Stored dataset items
__________
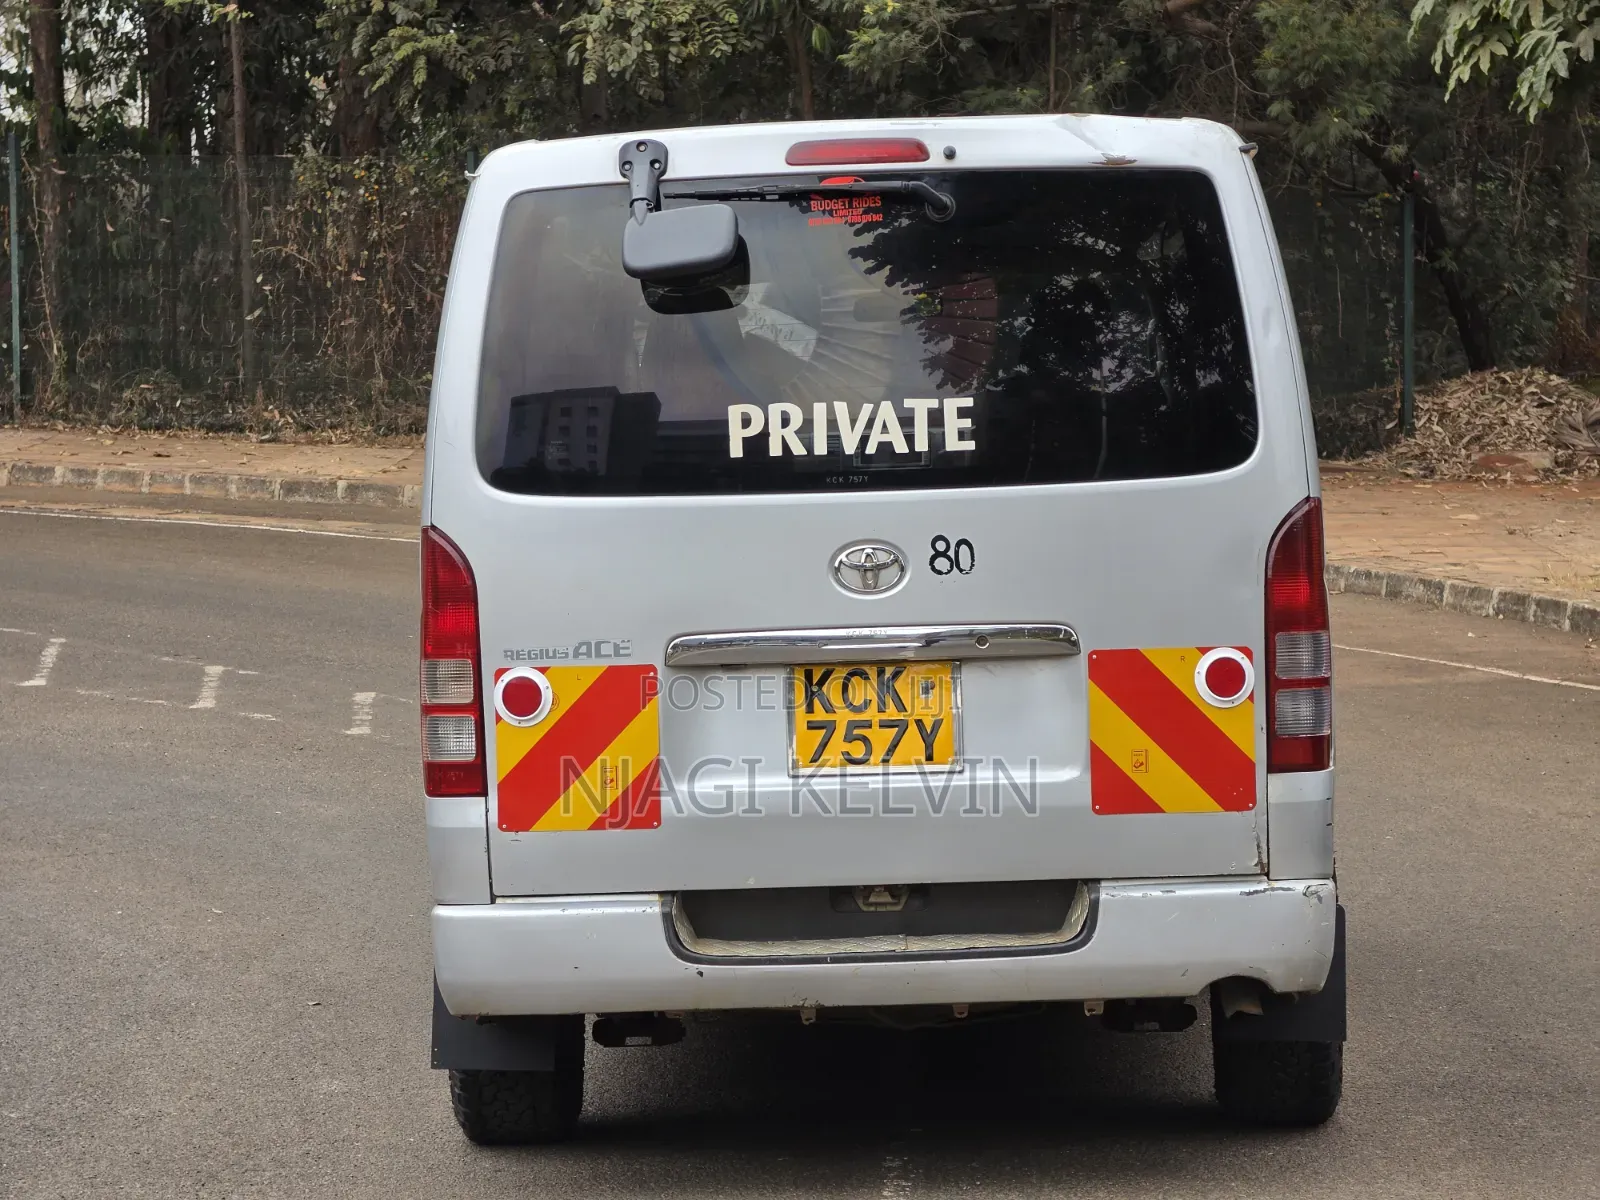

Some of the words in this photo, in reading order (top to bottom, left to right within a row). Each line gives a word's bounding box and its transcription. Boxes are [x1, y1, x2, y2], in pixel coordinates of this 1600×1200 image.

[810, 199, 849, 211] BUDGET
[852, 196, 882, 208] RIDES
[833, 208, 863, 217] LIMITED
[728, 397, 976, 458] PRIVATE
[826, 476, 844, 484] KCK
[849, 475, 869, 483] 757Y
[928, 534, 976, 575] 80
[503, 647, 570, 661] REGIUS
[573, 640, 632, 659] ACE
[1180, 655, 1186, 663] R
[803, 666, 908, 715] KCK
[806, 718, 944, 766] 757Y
__________
Activity: Type out all the records verbatim, minus images.

Exercise response:
Some of the words in this photo, in reading order (top to bottom, left to right within a row). Each line gives a word's bounding box and its transcription. Boxes are [x1, y1, x2, y2], in pixel coordinates of this 1600×1200 image.

[810, 199, 849, 211] BUDGET
[852, 196, 882, 208] RIDES
[833, 208, 863, 217] LIMITED
[728, 397, 976, 458] PRIVATE
[826, 476, 844, 484] KCK
[849, 475, 869, 483] 757Y
[928, 534, 976, 575] 80
[503, 647, 570, 661] REGIUS
[573, 640, 632, 659] ACE
[1180, 655, 1186, 663] R
[803, 666, 908, 715] KCK
[806, 718, 944, 766] 757Y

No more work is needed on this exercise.